In the statement posted on social media platform X, the ICC prosecutor’s office said all attempts to impede, intimidate or improperly influence its officials must cease immediately. It added that the Rome Statute, which outlines the ICC’s structure and areas of jurisdiction, prohibits these actions.
The statement, which named no specific cases, followed Israeli and American criticism of the ICC’s investigation into alleged war crimes committed during the Israel-Hamas conflict in the Gaza Strip, a Palestinian enclave.
Neither Israel nor its main ally the US are members of the court, and do not recognize its jurisdiction over the Palestinian territories. The court can prosecute individuals for alleged war crimes, crimes against humanity and genocide.
Last week Israel voiced concern that the ICC could be preparing to issue arrest warrants for government officials on charges related to the conduct of its war against Hamas in Gaza.
Foreign Minister Israel Katz said Israel expected the ICC to “refrain from issuing arrest warrants against senior Israeli political and security officials,” adding: “We will not bow our heads or be deterred and will continue to fight.”

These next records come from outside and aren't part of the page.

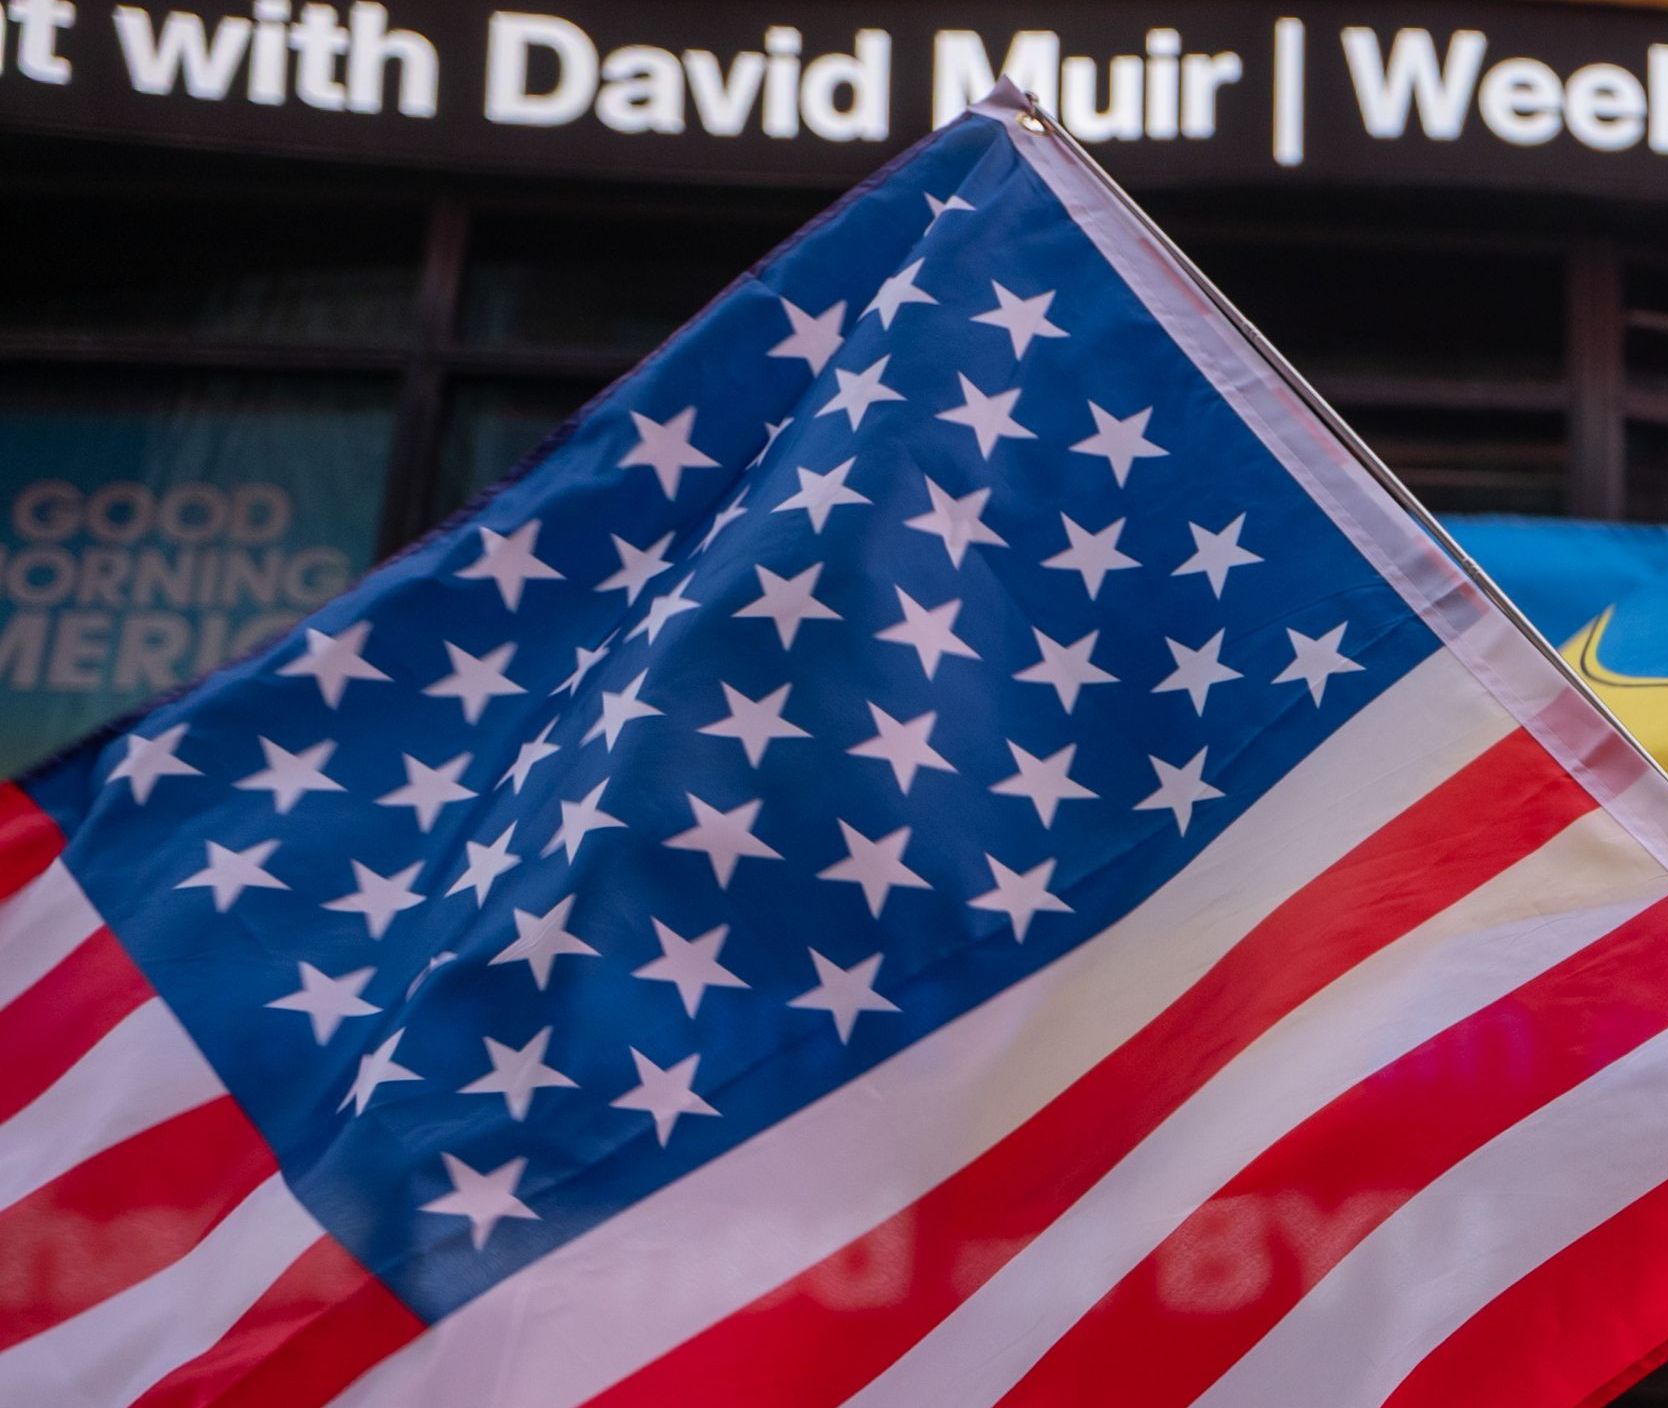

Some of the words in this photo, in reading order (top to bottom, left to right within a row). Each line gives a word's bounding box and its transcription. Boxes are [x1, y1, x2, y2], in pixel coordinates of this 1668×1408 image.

[113, 0, 439, 118] with
[484, 11, 892, 142] David
[932, 28, 1243, 143] Muir
[12, 479, 294, 543] GOOD
[0, 545, 353, 606] ORNING
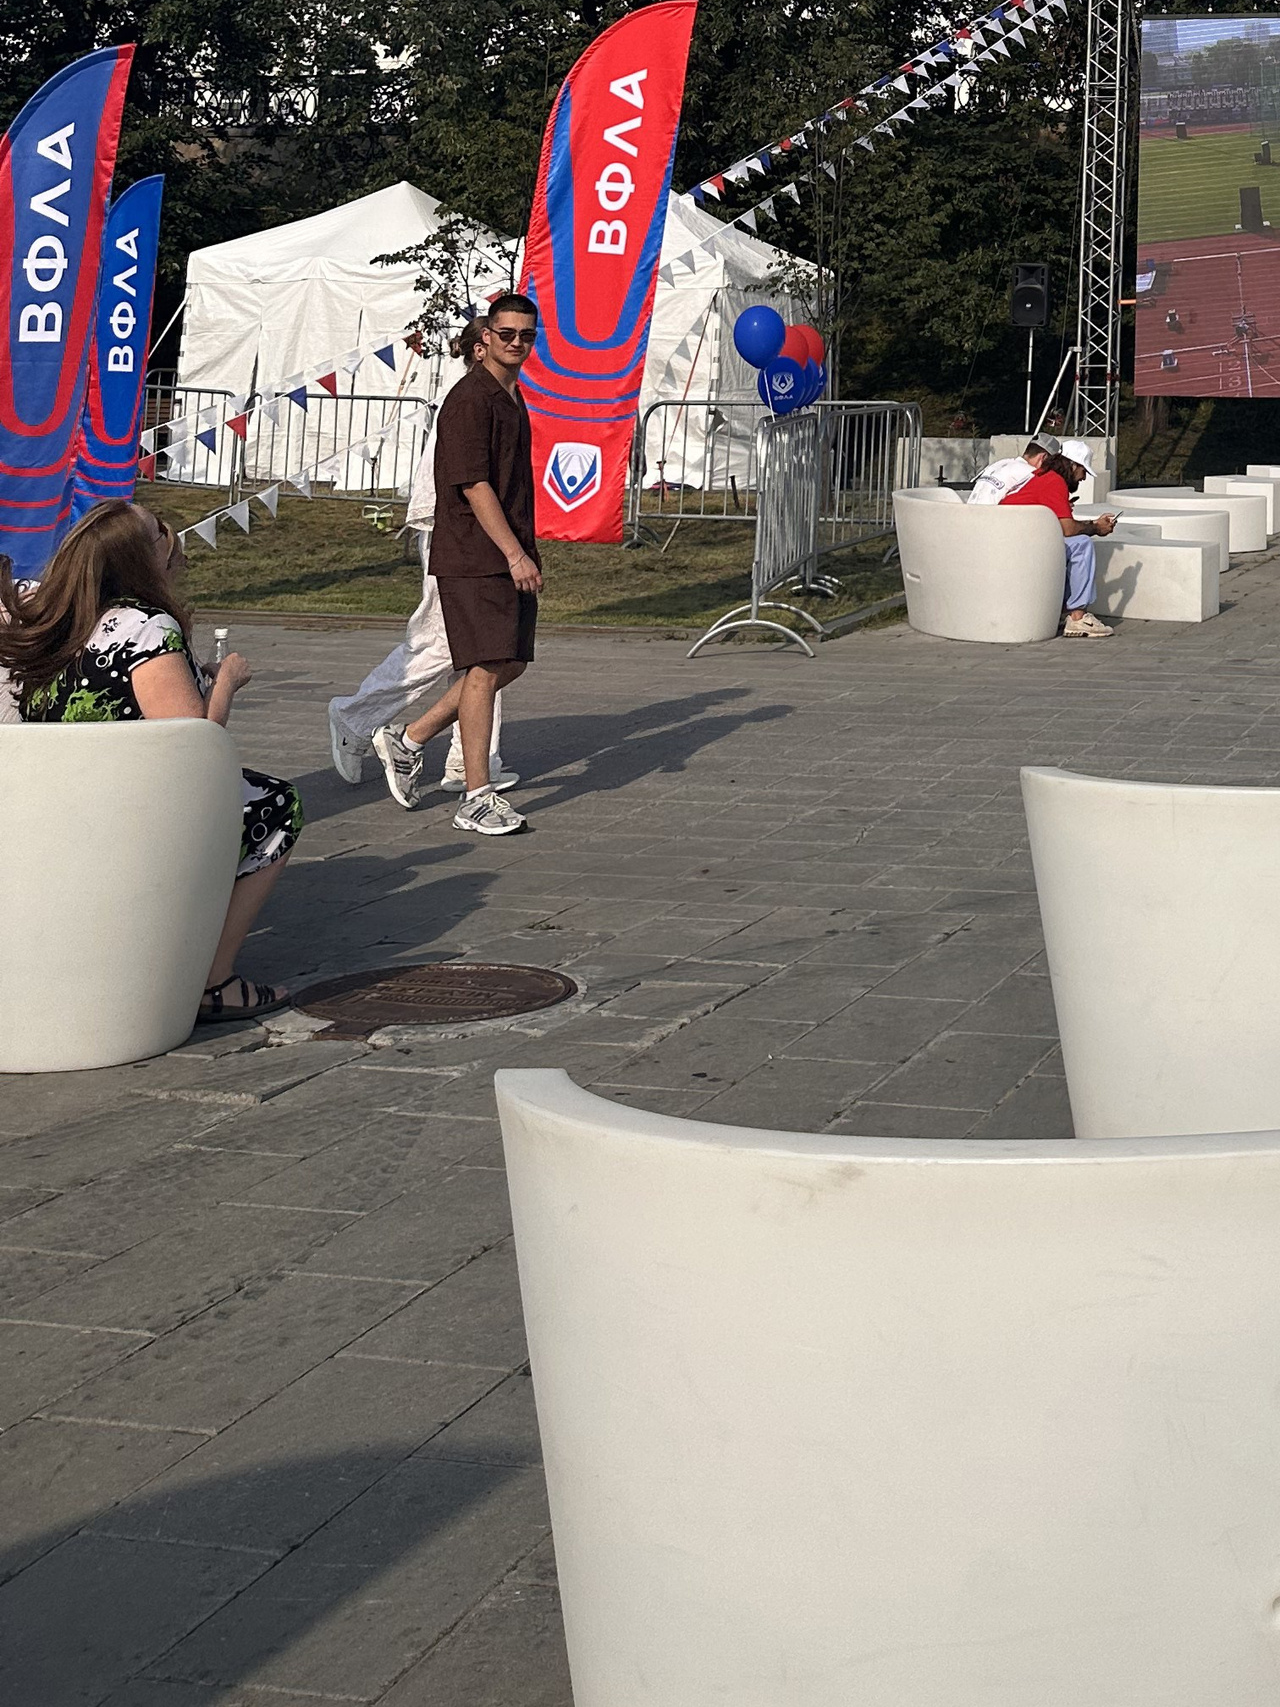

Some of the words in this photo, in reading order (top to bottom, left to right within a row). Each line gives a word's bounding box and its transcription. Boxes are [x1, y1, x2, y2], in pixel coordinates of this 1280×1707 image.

[19, 123, 75, 343] ВФЛА
[588, 69, 648, 255] ВФЛА
[108, 228, 139, 373] ВФЛА

On Friday, Israeli Prime Minister Benjamin Netanyahu said any ICC decisions would not affect Israel’s actions but would set a dangerous precedent.
In October, ICC Chief Prosecutor Karim Khan said it had jurisdiction over any potential war crimes committed by Hamas fighters in Israel and by Israeli forces in Gaza, which has been ruled by Hamas since 2007.
A White House spokesperson said on Monday the ICC had no jurisdiction “in this situation, and we do not support its investigation.”